I do this every year 2 weeks before the races when I eventually decide to go!!! Usually takes about 20 or 30 phone calls but you'll find something.


----------



## tiger (28 Jun 2006)

Ballyman said:
			
		

> When the list of accommodation is shown, start at bottom (very important, most start at the top thus nothing available) and ring every single one of them until you find a vacancy


Funny, I thought the results form Ireland.ie were random as there's no obvious ordering.  However just tried the same search twice & it came up the same both times, so worth going with the bottom/middle of the list strategy.(Sorry for going slightly off topic)


----------



## Perplexed (1 Jul 2006)

I thought it should be easier in Galway now with so many new hotels.  Are they just too expensive ?

Foxylady, I'm glad you enjoyed your stay in Crookhaven.....it's owned by a friend of mine !

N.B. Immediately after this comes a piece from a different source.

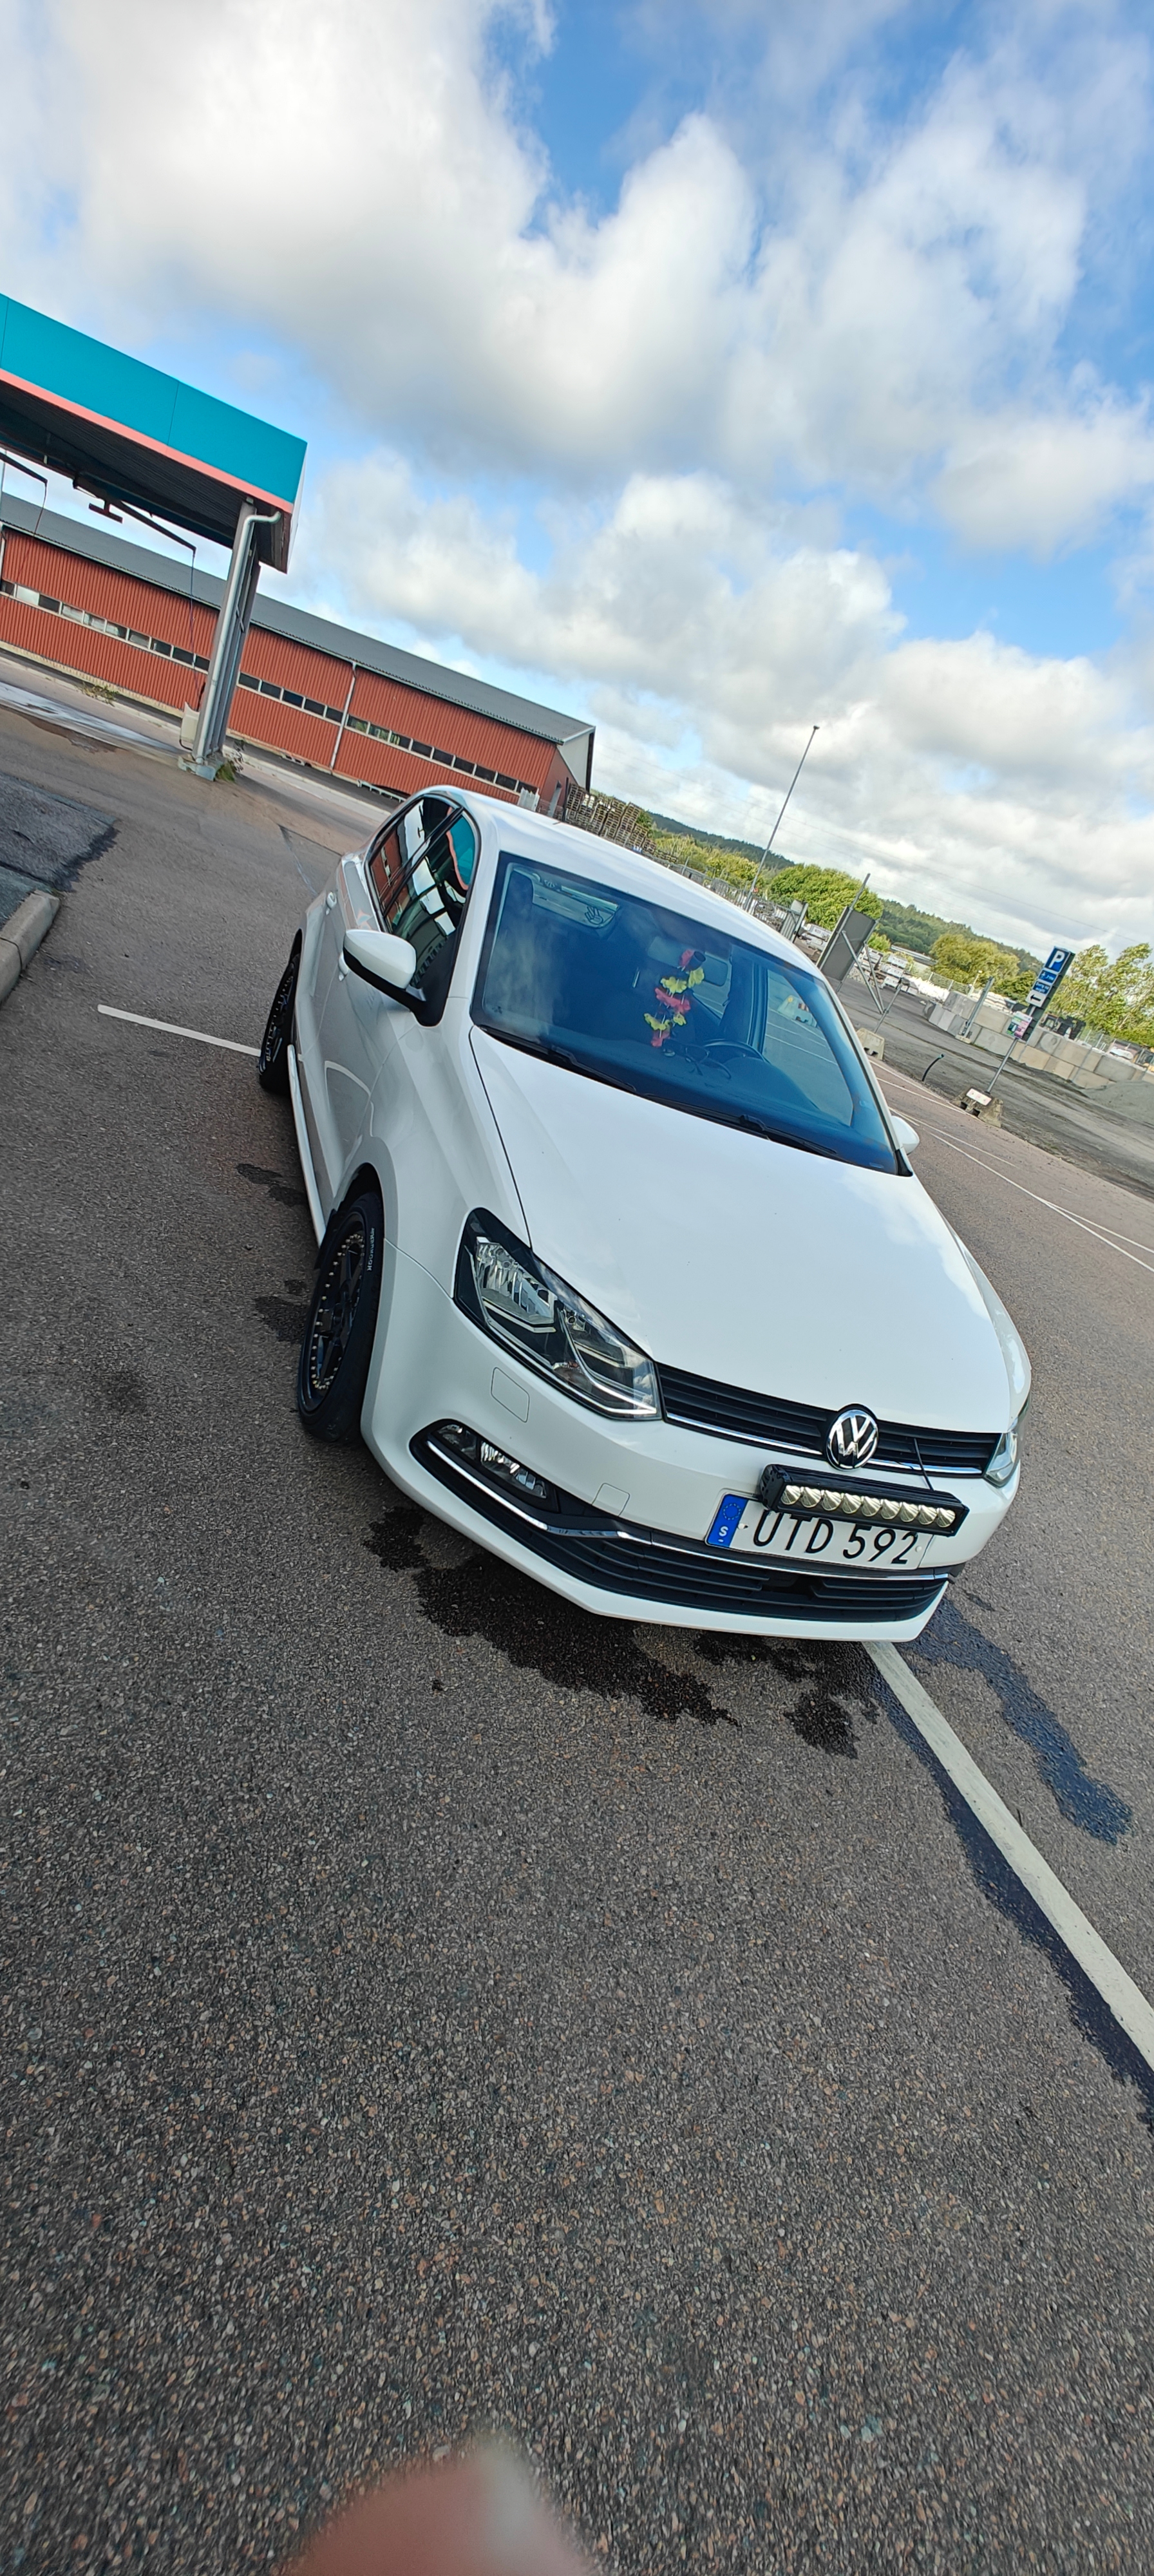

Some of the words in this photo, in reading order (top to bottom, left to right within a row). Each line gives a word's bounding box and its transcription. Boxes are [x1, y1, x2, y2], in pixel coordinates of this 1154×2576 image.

Now I understand why I don't even have spare floor space during race week. Every couch & blow up mattress is put to good use with all the relations !


----------



## gordongekko (1 Jul 2006)

what nights during race week are you looking for?


----------



## hm2605 (1 Jul 2006)

During race week 2 years ago we stayed here - 
[broken link removed]

It was a lovely B&B and very reasonable. Its in Salthill.


----------



## foxylady (3 Jul 2006)

Perplexed said:
			
		

> I thought it should be easier in Galway now with so many new hotels. Are they just too expensive ?
> 
> Foxylady, I'm glad you enjoyed your stay in Crookhaven.....it's owned by a friend of mine !
> 
> Now I understand why I don't even have spare floor space during race week. Every couch & blow up mattress is put to good use with all the relations !


 
I have stayed there twice and always recommend it to anyone looking for a b& b in galway as its superb location and Margaret is very Nice.


----------



## seamus1973 (6 Jul 2010)

try gulliver.ie I've found some good places there if self catering is your thing there's a place in Sea Rd I've stayed in before not too bad and very close to town about 2 mins walk to Jurys Inn/Quay St


----------



## Hillsalt (6 Jul 2010)

Rowan House, Tuam Road. You can see the Ballybrit main stand from there. Phone 091 757128


----------



## Murfnm (6 Jul 2010)

Try Griffin Lodge - 3 Father Griffin Place, Galway, Ireland - check it out on trip advisor. Stayed there a few times - 5 mins from city centre, nice fry in the mornings - quiet cul de sac too 353 91 589440


----------



## Boyd (6 Jul 2010)

Lads this thread is over 4 years old!


----------



## VOR (6 Jul 2010)

username123 said:


> Lads this thread is over 4 years old!



..and as the FF lads and the developers won't be there this year, I'm sure the hotels will be charging a more reasonable rate.


----------



## elcato (6 Jul 2010)

is the student accommodation and is very reasonable and a nice stroll along the river.


----------



## mercman (6 Jul 2010)

seamus1973 said:


> there's a place in Sea Rd I've stayed in before not too bad and very close to town about 2 mins walk to Jurys Inn/Quay St



Maybe 2 mins if you are an Olympic athlete otherwise ask somebody that knows what they are talking about.

More like 35 mins to jurys Inn. Up Father Griffin Road then Father Griffin Ave and then Sea Road. 

Seamus, as a first time poster, try giving actual facts instead of seeking free advertising.


----------